History of Atomic Theory timeline

By s130091
  • John Dalton

    John Dalton's experiments on gases led to the discovery that the total pressure of a mixture of gases amounted to the sum of the partial pressures that each individual gas exerted while occupying the same space.
  • Ernest Rutherford

    Ernest Rutherford
    Ernest Rutherford found a simpler and more practical way to detect radio waves than previously before.
  • J.J. Thomson

    J.J. Thomson studied the cathode rays which resulted in the discovery of the electron.
  • Marie Curie

    Marie Curie discovered that rays remained constant, no matter the form of uranium. The rays came from the element's atomic structure. This revolutionary idea created the field of atomic physics and she used the word radioactivity to describe what was happening.
  • Henry Moseley

    Henry Moseley produced the outcomes of his measurements of the wavelengths of the X-ray spectral lines which showed that the ordering of the wavelengths of the X-ray emissions of the elements coincided with the ordering of the elements by atomic number.
  • Francis Aston

    Francis Aston created the spectograph. A spectograph was a type of positive ray apparatus which uses magnetic and electrostatic fields producing opposite deflections in the same place to convert molecules into ions and then sorts the ions by their mass-to-charge ratio.
  • Niels Bohr

    Niels Bohr received a Nobel Prize in1922 in Physics for his work on atomic structures.
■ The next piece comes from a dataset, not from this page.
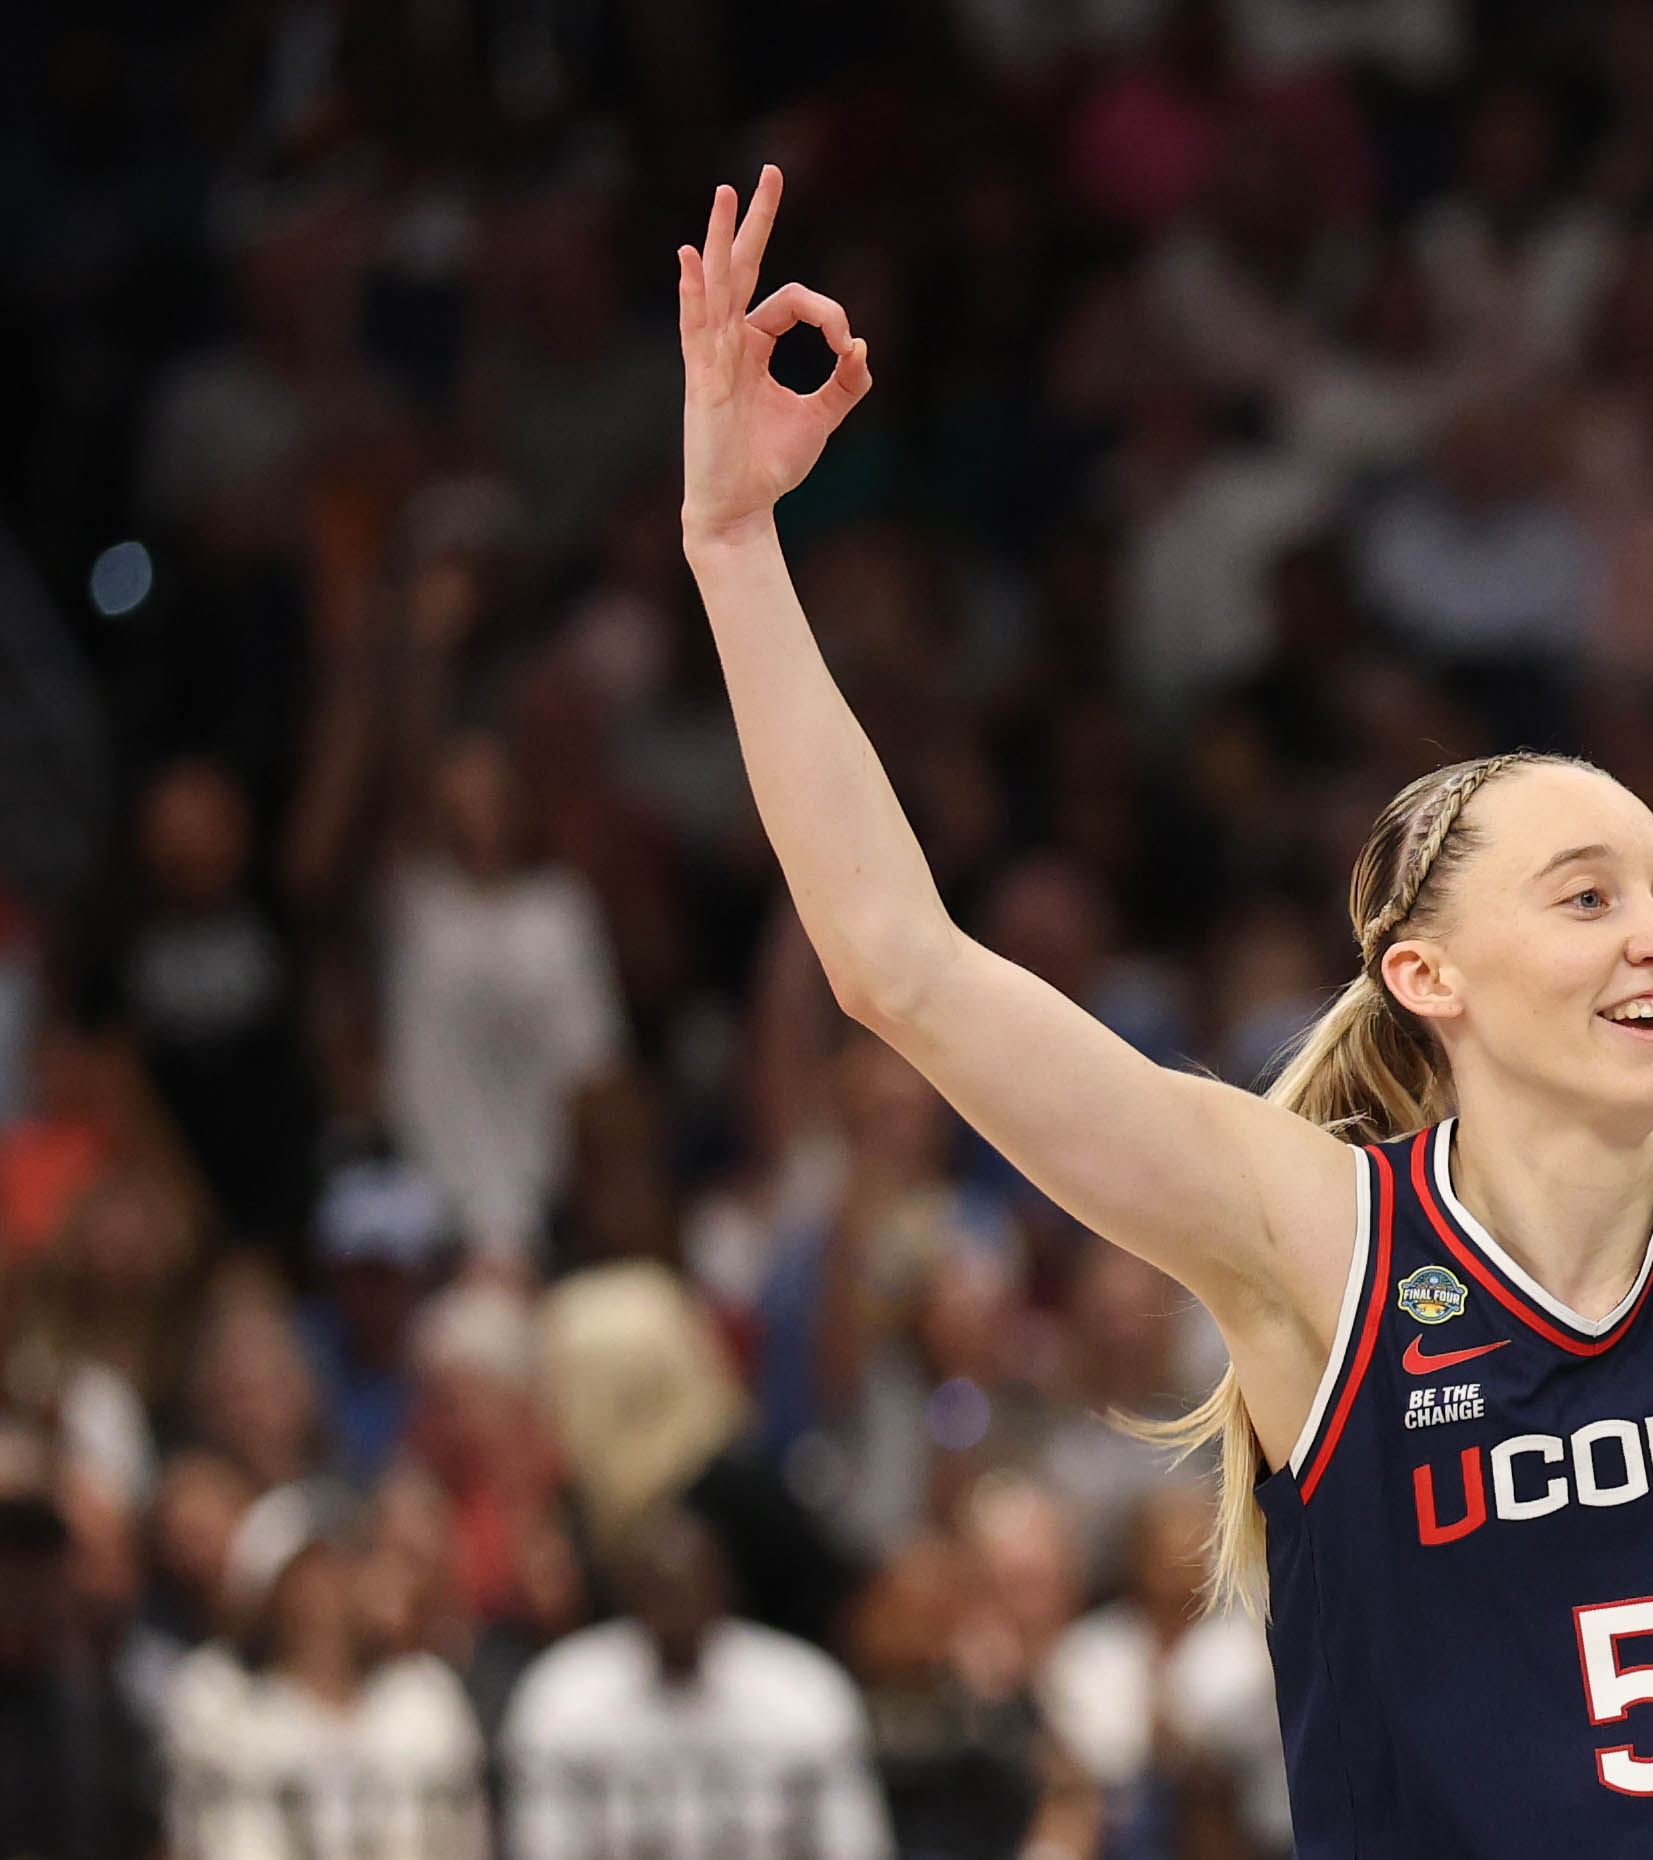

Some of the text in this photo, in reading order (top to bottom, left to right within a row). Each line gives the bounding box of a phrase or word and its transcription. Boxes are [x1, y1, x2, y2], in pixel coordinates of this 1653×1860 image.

Combining Rutherford's description of the nucleus and Planck's theory about quanta, Bohr explained what happens inside an atom and was able to develop a picture of atomic structure.
  • Erwin Schrodinger

    In Niels Bohr's theory of the atom, the electrons absorb and emit radiation of fixed wavelengths when jumping between the fixed orbits around a nucleus.
  • James Chadwick

    James Chadwick proved the existence of neutrons. Alpha rays are charged, and therefore repelled by the electrical forces present in the nuclei of heavy atoms.
  • Murray Gell-Mann

    Murray Gell-Mann developed the concept of strangeness for particles. With a quantum number some hadrons decay rapidly by the strong nuclear force while others decay more slowly by the weak force.